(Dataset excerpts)
== Segment start ==

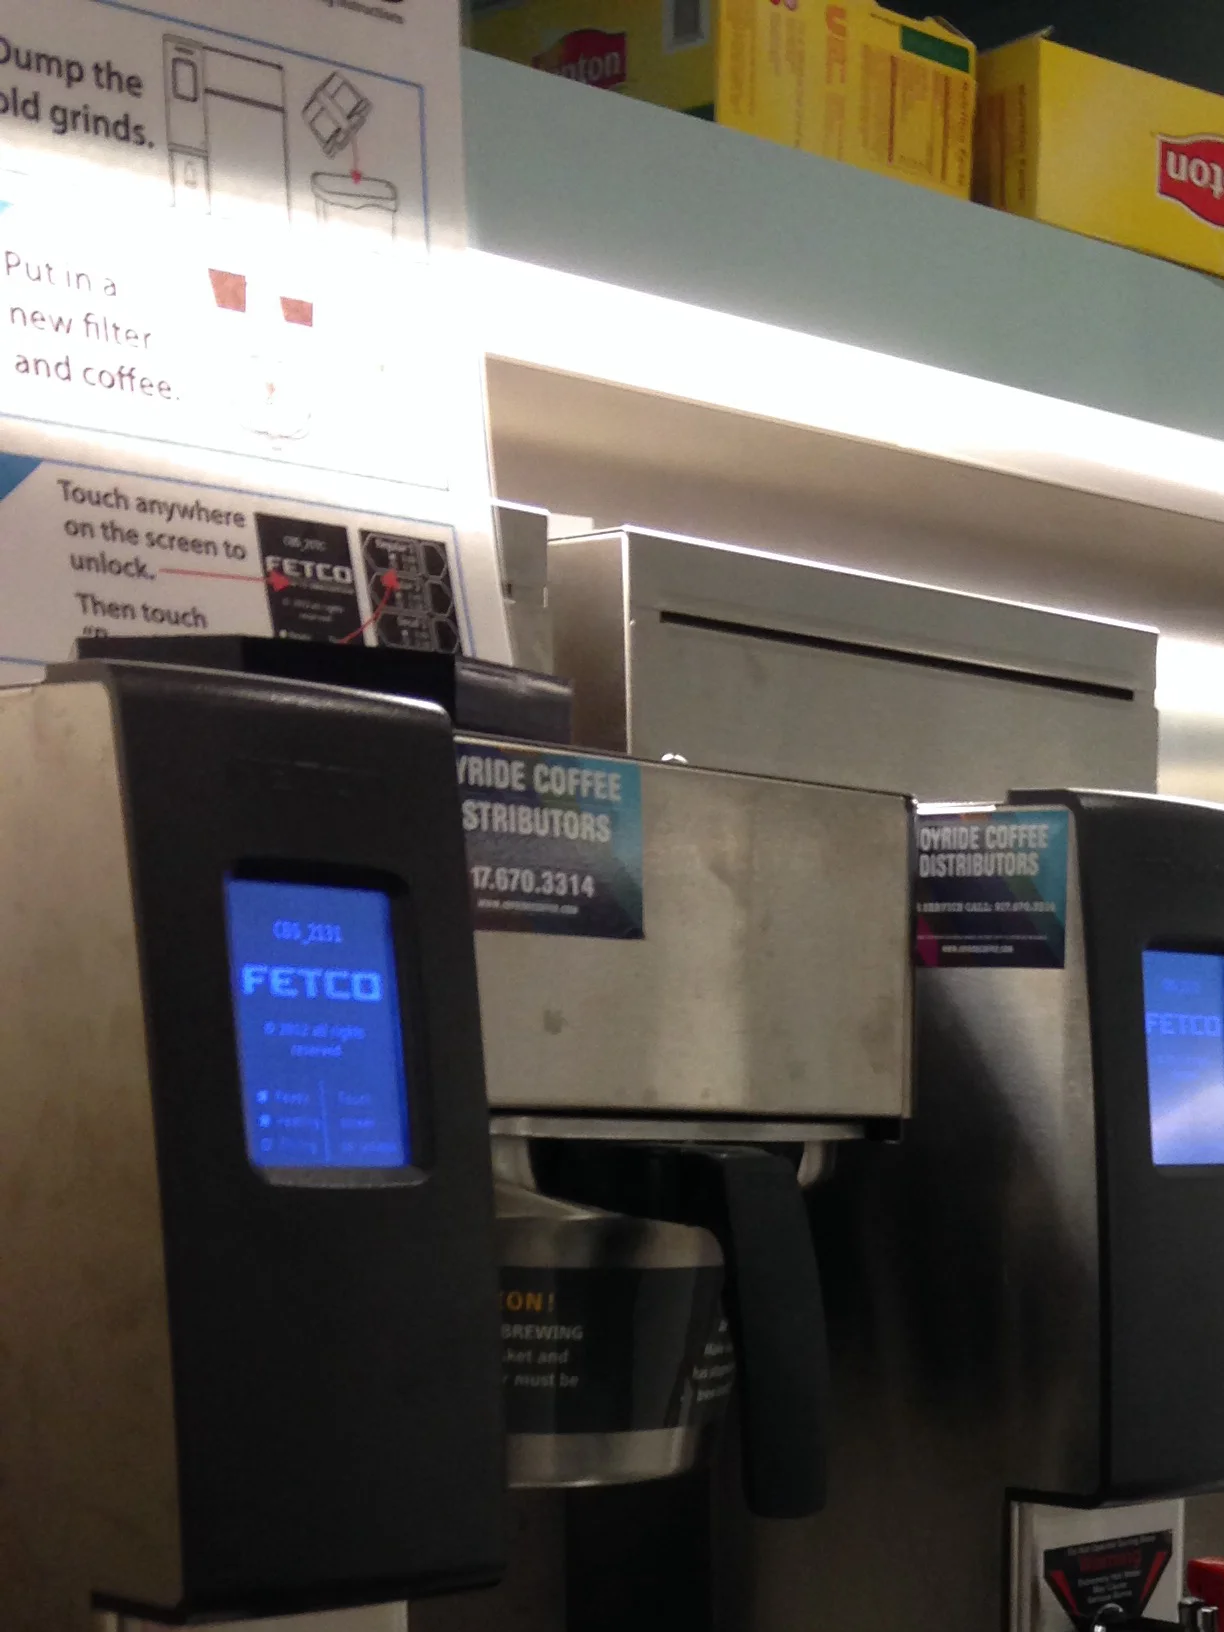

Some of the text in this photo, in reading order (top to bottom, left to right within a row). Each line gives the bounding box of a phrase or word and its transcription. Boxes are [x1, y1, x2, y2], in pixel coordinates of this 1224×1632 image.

[94, 60, 143, 97] the
[50, 103, 155, 149] grinds.
[5, 250, 117, 297] Put in a
[10, 306, 152, 349] new filter
[15, 354, 180, 401] and coffee.
[57, 478, 247, 529] Touch anywhere
[64, 518, 248, 561] on the screen to
[69, 550, 157, 581] unlock.
[265, 555, 353, 585] FETCO
[74, 591, 209, 630] Then touch
[532, 762, 623, 802] COFFEE
[461, 798, 613, 844] STRIBUTORS
[919, 824, 1050, 851] OYRIDE COFFEE
[470, 865, 596, 899] 17.670.3314
[919, 851, 1040, 878] DISTRIBUTORS
[240, 963, 384, 1003] FETCO
[1145, 1010, 1222, 1038] FETCO
[500, 1323, 584, 1341] BREWING
[537, 1347, 570, 1365] and
[514, 1372, 580, 1389] must be

== Segment end ==

→ **Work item**
In the copy, include every record exactly and no pictures at all.

→ **Response below**
Some of the text in this photo, in reading order (top to bottom, left to right within a row). Each line gives the bounding box of a phrase or word and its transcription. Boxes are [x1, y1, x2, y2], in pixel coordinates of this 1224×1632 image.

[94, 60, 143, 97] the
[50, 103, 155, 149] grinds.
[5, 250, 117, 297] Put in a
[10, 306, 152, 349] new filter
[15, 354, 180, 401] and coffee.
[57, 478, 247, 529] Touch anywhere
[64, 518, 248, 561] on the screen to
[69, 550, 157, 581] unlock.
[265, 555, 353, 585] FETCO
[74, 591, 209, 630] Then touch
[532, 762, 623, 802] COFFEE
[461, 798, 613, 844] STRIBUTORS
[919, 824, 1050, 851] OYRIDE COFFEE
[470, 865, 596, 899] 17.670.3314
[919, 851, 1040, 878] DISTRIBUTORS
[240, 963, 384, 1003] FETCO
[1145, 1010, 1222, 1038] FETCO
[500, 1323, 584, 1341] BREWING
[537, 1347, 570, 1365] and
[514, 1372, 580, 1389] must be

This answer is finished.